• **Work to be completed**
Each entry is to be retyped without alteration, and no picture is to be included.

[Data records]
· · · · · · ·

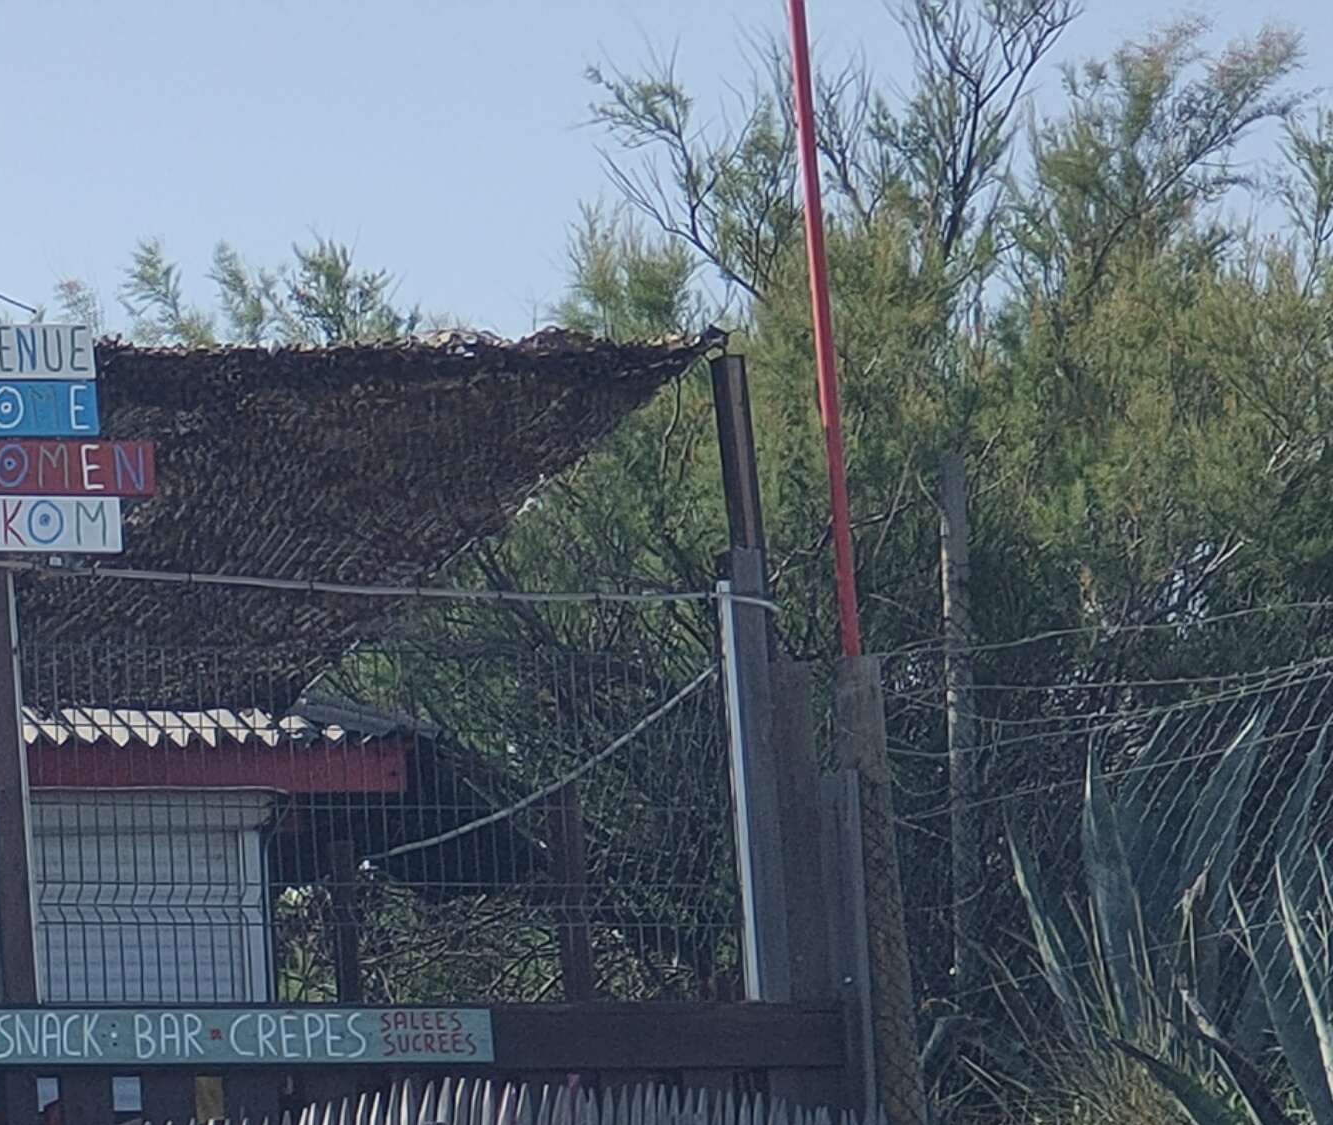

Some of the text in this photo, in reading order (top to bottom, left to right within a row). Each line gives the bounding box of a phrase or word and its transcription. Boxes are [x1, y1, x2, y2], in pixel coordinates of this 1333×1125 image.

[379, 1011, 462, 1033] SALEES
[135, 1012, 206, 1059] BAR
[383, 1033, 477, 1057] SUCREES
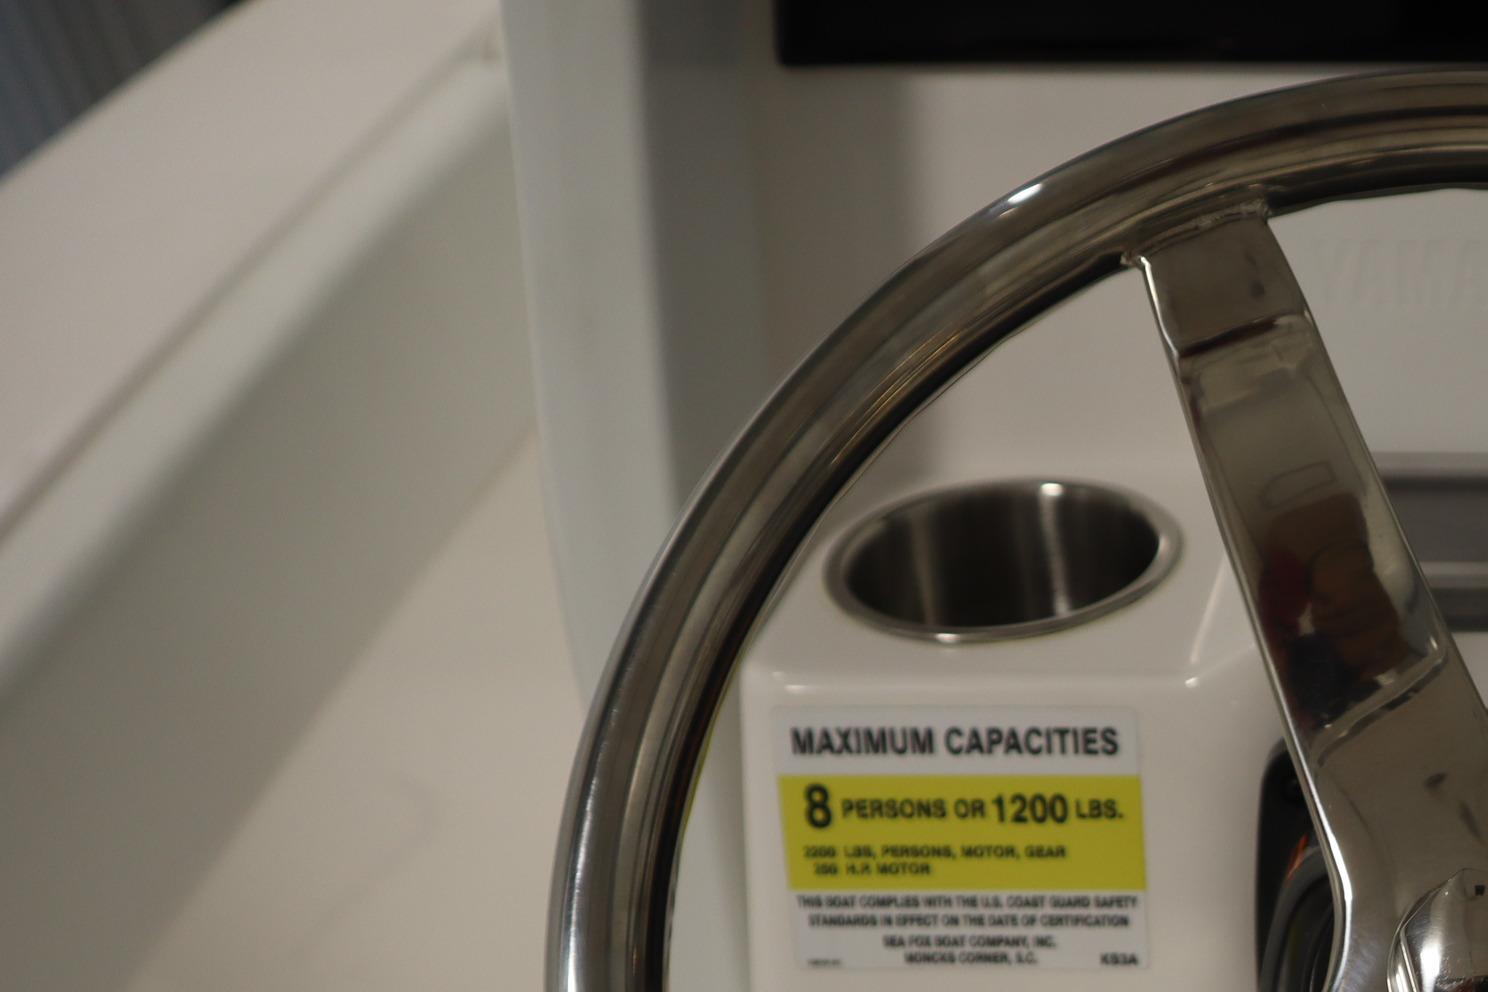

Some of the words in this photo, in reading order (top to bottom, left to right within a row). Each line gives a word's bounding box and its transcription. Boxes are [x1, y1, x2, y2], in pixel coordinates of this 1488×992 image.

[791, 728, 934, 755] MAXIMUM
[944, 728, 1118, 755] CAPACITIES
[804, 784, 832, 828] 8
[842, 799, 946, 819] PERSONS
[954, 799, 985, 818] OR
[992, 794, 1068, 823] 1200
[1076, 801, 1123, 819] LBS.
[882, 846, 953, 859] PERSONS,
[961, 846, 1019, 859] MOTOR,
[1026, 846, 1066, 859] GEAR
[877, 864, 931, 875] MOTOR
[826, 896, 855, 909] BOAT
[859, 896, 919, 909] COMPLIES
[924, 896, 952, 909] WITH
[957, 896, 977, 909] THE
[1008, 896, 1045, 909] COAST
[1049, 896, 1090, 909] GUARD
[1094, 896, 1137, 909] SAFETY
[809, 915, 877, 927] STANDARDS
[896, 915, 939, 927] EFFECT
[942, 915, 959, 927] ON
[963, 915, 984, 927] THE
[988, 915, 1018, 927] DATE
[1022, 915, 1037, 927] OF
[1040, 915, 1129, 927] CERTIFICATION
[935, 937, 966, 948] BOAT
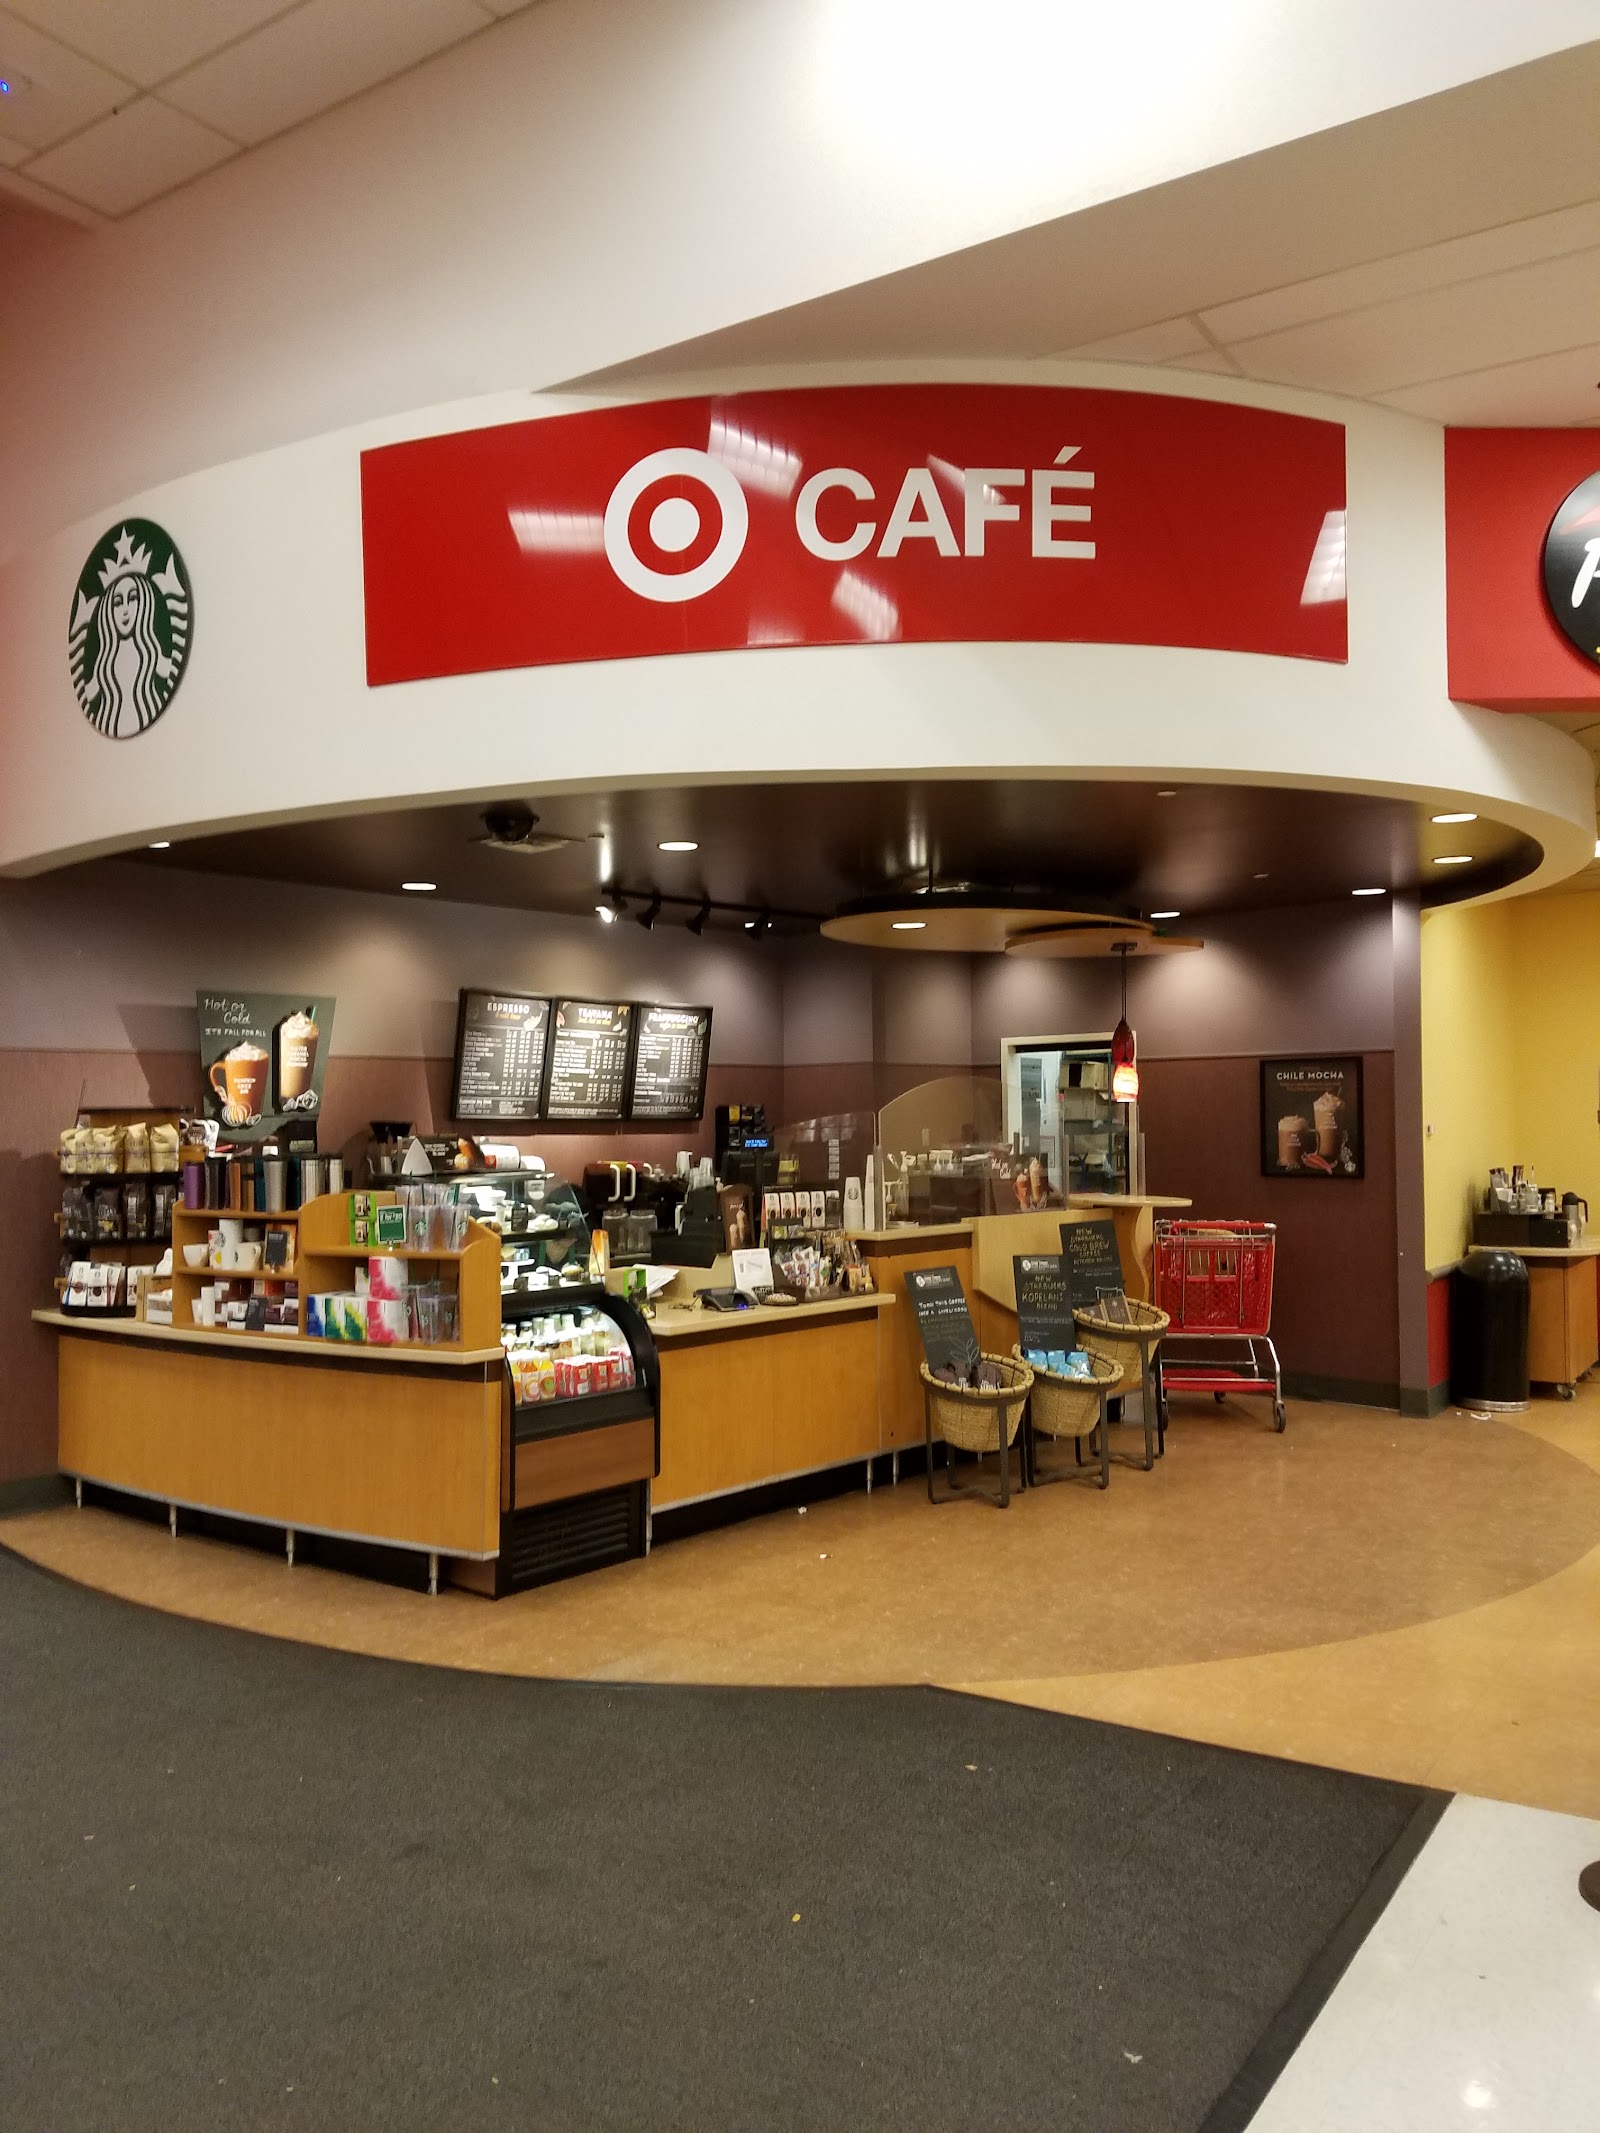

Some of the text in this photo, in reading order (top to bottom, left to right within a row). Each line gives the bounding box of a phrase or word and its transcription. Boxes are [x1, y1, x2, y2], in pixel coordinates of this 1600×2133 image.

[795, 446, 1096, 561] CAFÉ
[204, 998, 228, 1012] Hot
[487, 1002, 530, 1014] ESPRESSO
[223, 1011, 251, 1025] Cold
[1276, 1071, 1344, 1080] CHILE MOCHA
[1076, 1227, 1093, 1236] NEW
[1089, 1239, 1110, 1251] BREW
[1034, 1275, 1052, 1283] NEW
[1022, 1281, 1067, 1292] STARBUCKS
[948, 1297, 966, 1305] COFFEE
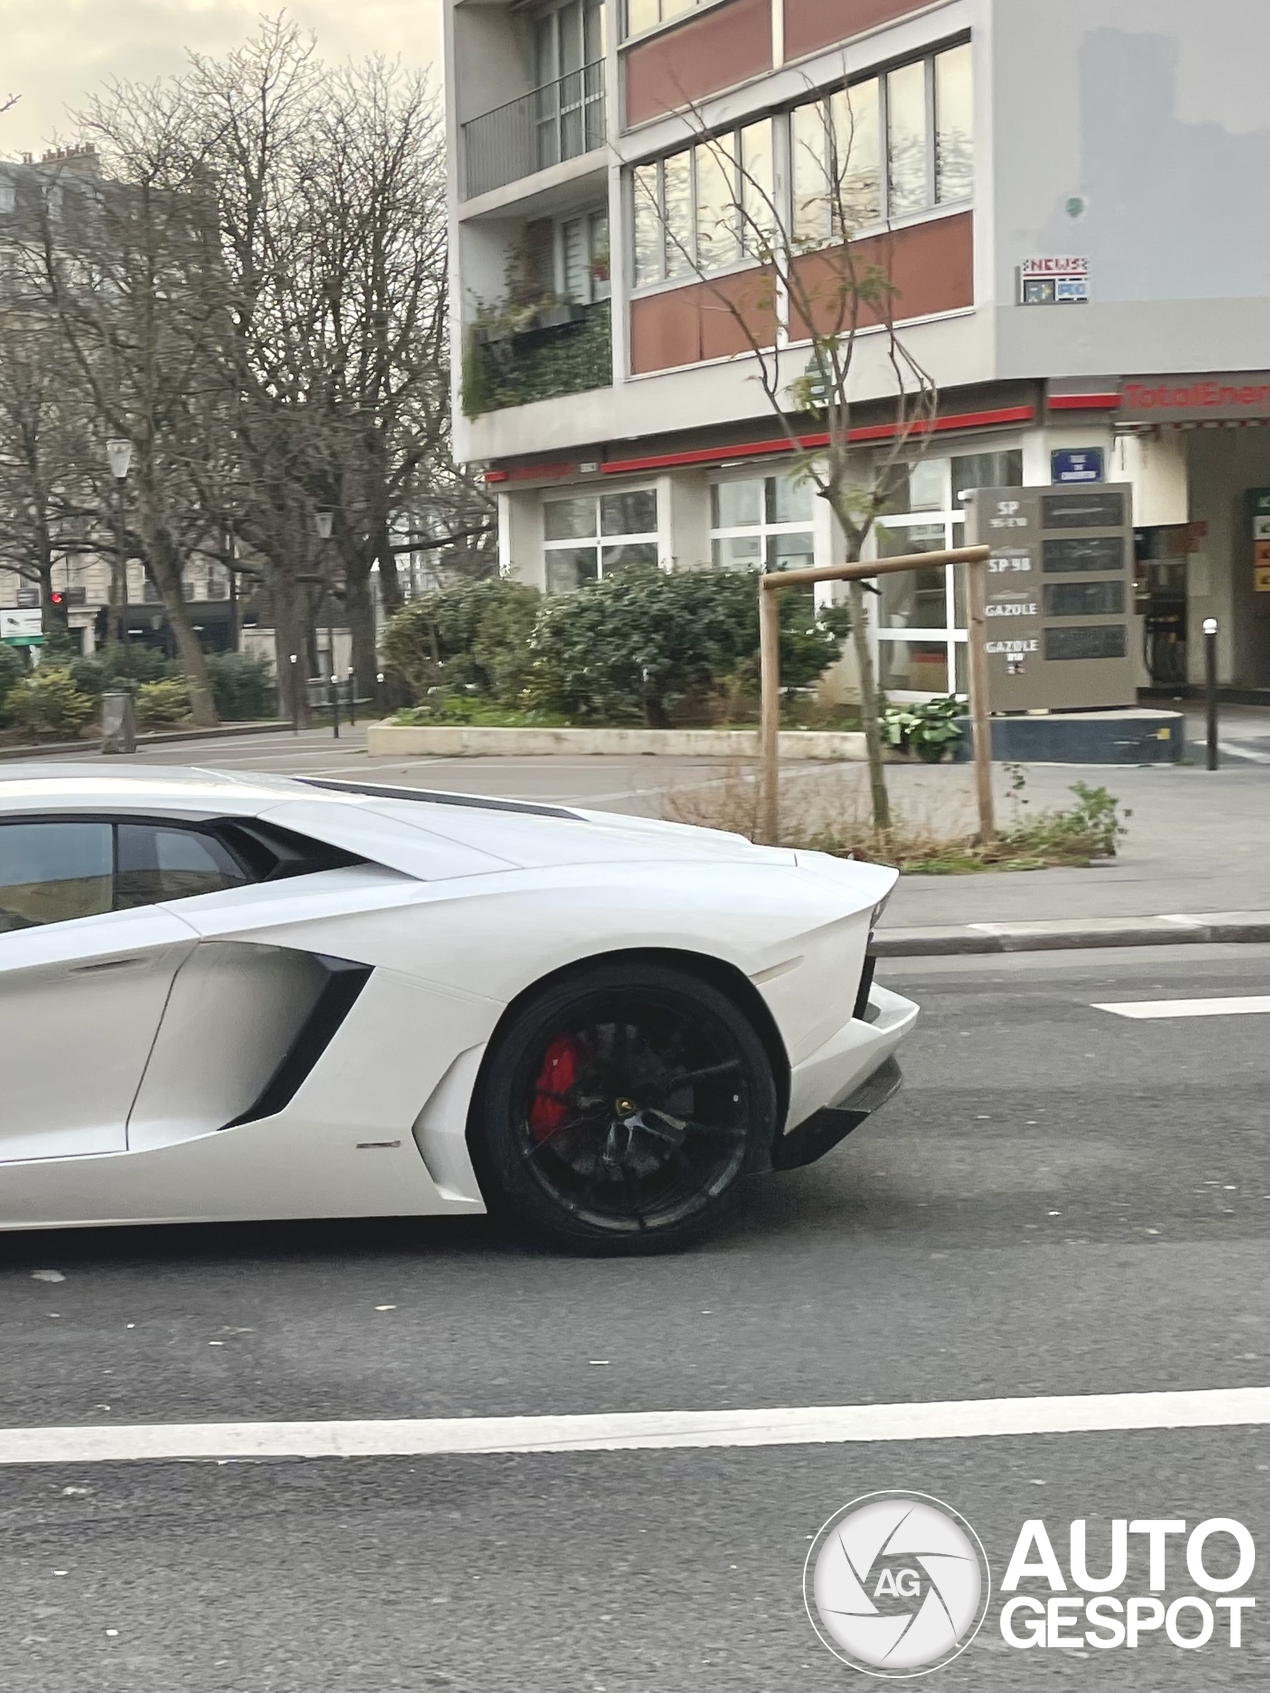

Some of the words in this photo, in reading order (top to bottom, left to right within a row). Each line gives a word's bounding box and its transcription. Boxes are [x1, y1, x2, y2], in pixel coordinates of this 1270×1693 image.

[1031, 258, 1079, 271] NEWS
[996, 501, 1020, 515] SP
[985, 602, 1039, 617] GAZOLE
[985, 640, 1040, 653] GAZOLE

· · · · · · ·

• **Task result**
Some of the text in this photo, in reading order (top to bottom, left to right within a row). Each line gives the bounding box of a phrase or word and its transcription. Boxes are [x1, y1, x2, y2], in pixel coordinates of this 1333×1125 image.

[379, 1011, 462, 1033] SALEES
[135, 1012, 206, 1059] BAR
[383, 1033, 477, 1057] SUCREES

Some of the words in this photo, in reading order (top to bottom, left to right within a row). Each line gives a word's bounding box and its transcription. Boxes are [x1, y1, x2, y2], in pixel coordinates of this 1488×992 image.

[791, 728, 934, 755] MAXIMUM
[944, 728, 1118, 755] CAPACITIES
[804, 784, 832, 828] 8
[842, 799, 946, 819] PERSONS
[954, 799, 985, 818] OR
[992, 794, 1068, 823] 1200
[1076, 801, 1123, 819] LBS.
[882, 846, 953, 859] PERSONS,
[961, 846, 1019, 859] MOTOR,
[1026, 846, 1066, 859] GEAR
[877, 864, 931, 875] MOTOR
[826, 896, 855, 909] BOAT
[859, 896, 919, 909] COMPLIES
[924, 896, 952, 909] WITH
[957, 896, 977, 909] THE
[1008, 896, 1045, 909] COAST
[1049, 896, 1090, 909] GUARD
[1094, 896, 1137, 909] SAFETY
[809, 915, 877, 927] STANDARDS
[896, 915, 939, 927] EFFECT
[942, 915, 959, 927] ON
[963, 915, 984, 927] THE
[988, 915, 1018, 927] DATE
[1022, 915, 1037, 927] OF
[1040, 915, 1129, 927] CERTIFICATION
[935, 937, 966, 948] BOAT

Some of the text in this photo, in reading order (top to bottom, left to right within a row). Each line gives the bounding box of a phrase or word and its transcription. Boxes are [x1, y1, x2, y2], in pixel coordinates of this 1600×2133 image.

[795, 446, 1096, 561] CAFÉ
[204, 998, 228, 1012] Hot
[487, 1002, 530, 1014] ESPRESSO
[223, 1011, 251, 1025] Cold
[1276, 1071, 1344, 1080] CHILE MOCHA
[1076, 1227, 1093, 1236] NEW
[1089, 1239, 1110, 1251] BREW
[1034, 1275, 1052, 1283] NEW
[1022, 1281, 1067, 1292] STARBUCKS
[948, 1297, 966, 1305] COFFEE

Some of the words in this photo, in reading order (top to bottom, left to right within a row). Each line gives a word's bounding box and its transcription. Boxes are [x1, y1, x2, y2], in pixel coordinates of this 1270×1693 image.

[1031, 258, 1079, 271] NEWS
[996, 501, 1020, 515] SP
[985, 602, 1039, 617] GAZOLE
[985, 640, 1040, 653] GAZOLE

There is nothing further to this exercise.